Thursday, November 15, 2018 / 01:10 PM / FDC
Global oil prices (Brent) have averaged $73.07pb in 2018 and remained comfortably above the budget benchmark of $51 per barrel (pb), largely due to high demand and the output-cut led by the Organization of the Petroleum Exporting Countries (OPEC) and its allies. This has ultimately translated to stronger external buffers with gross external reserves peaking at $47.87bn in May.
The robust reserves supported the CBN’s interventionist strategy as the apex bank maintained its sterilized interventions, resulting in the naira has trading relatively stable so far in 2018. In the month of October, the currency traded flat at N362/$ at the parallel market. However, speculative pressures have intensified against the naira due to policy and political uncertainty in the build up to the general elections. As a result, the naira depreciated to N363/$ on November 8.
Uncertainty weighs on forex market
Typically, foreign investors are more risk averse towards countries in an electoral cycle. In addition, they are now also concerned about the high handedness or perceived targeting of MTN Nigeria by the administration. They fear that what is happening to MTN could also befall other multinationals operating in Nigeria. This has increased the unease and outward flows of hedge funds and portfolio investors, supporting the depletion of external reserves.

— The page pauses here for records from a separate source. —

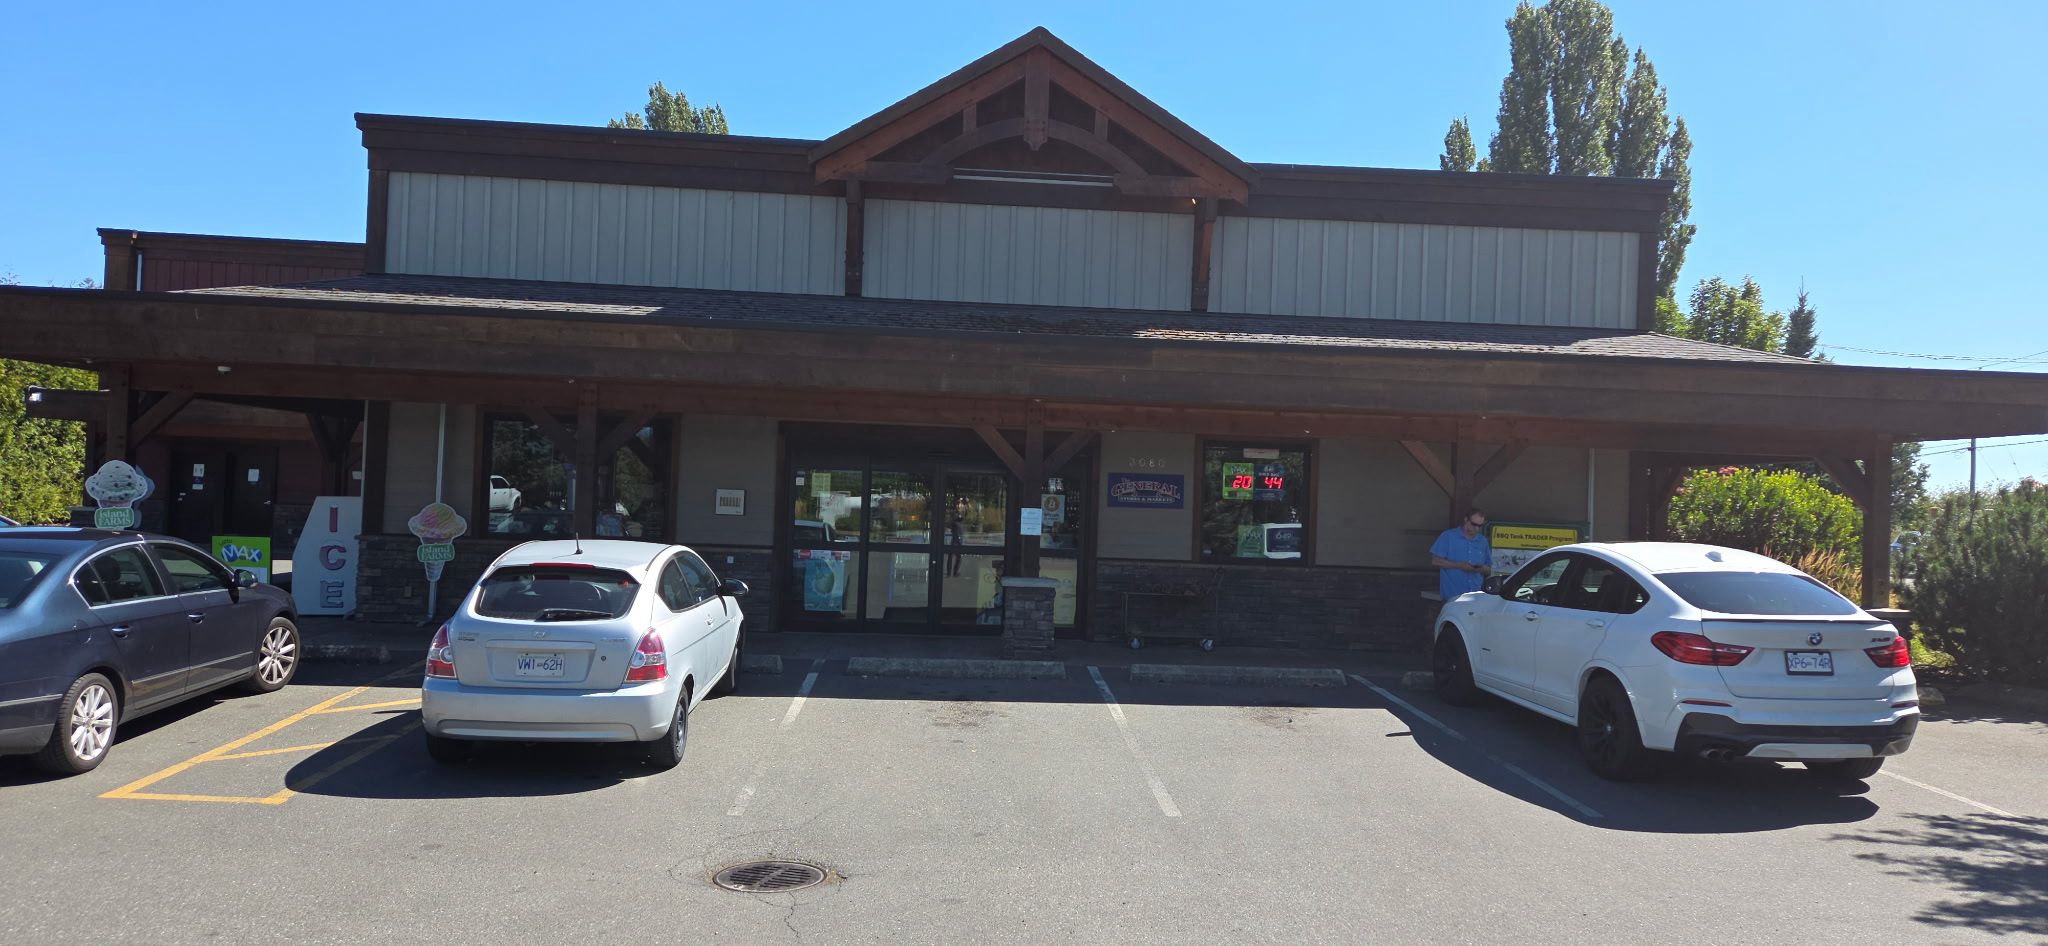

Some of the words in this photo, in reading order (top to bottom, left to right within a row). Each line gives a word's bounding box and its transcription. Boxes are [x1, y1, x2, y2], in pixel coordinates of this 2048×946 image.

[1232, 475, 1253, 489] 20
[1264, 477, 1283, 489] 44
[1111, 480, 1181, 500] GENERAL
[98, 517, 131, 526] FARMS
[222, 543, 262, 563] MAX
[319, 506, 347, 609] ICE
[421, 552, 452, 561] FARMS

The external reserves have declined consistently since the peak in May and are now currently below the psychological threshold of $42bn. The sustained decline can also be attributed to the effects of monetary policy normalization in the advanced economies, which has resulted in increased capital outflows. Thus, exchange rate pressures have intensified with naira put contracts selling as high as N365/$ at the IEFX window. It is worth stating that the IEFX window is a better reflection of market reality than the official rate and thus suggests that the naira is likely to depreciate further in the near term.
CBN sustains forex interventions
Meanwhile, the sustained downward trend in external reserves coupled with the decline in oil prices cast doubts about the CBN’s ability to sustain its forex interventions. The CBN has intervened with a total of $547.16mn so far in November. This is 27.45% below a total of $754.15mn sold in the first two weeks of October and 63.76% below the total forex interventions in October.
The CBN recently disclosed that it remains committed to maintaining exchange rate stability and is prepared to achieve this at the expense of external reserves. In light of this, we expect the CBN to continue its interventionist strategy. Nonetheless, the naira is likely to depreciate slightly in the in the near term as manufacturers and retailers continue to build inventories ahead of the festive season.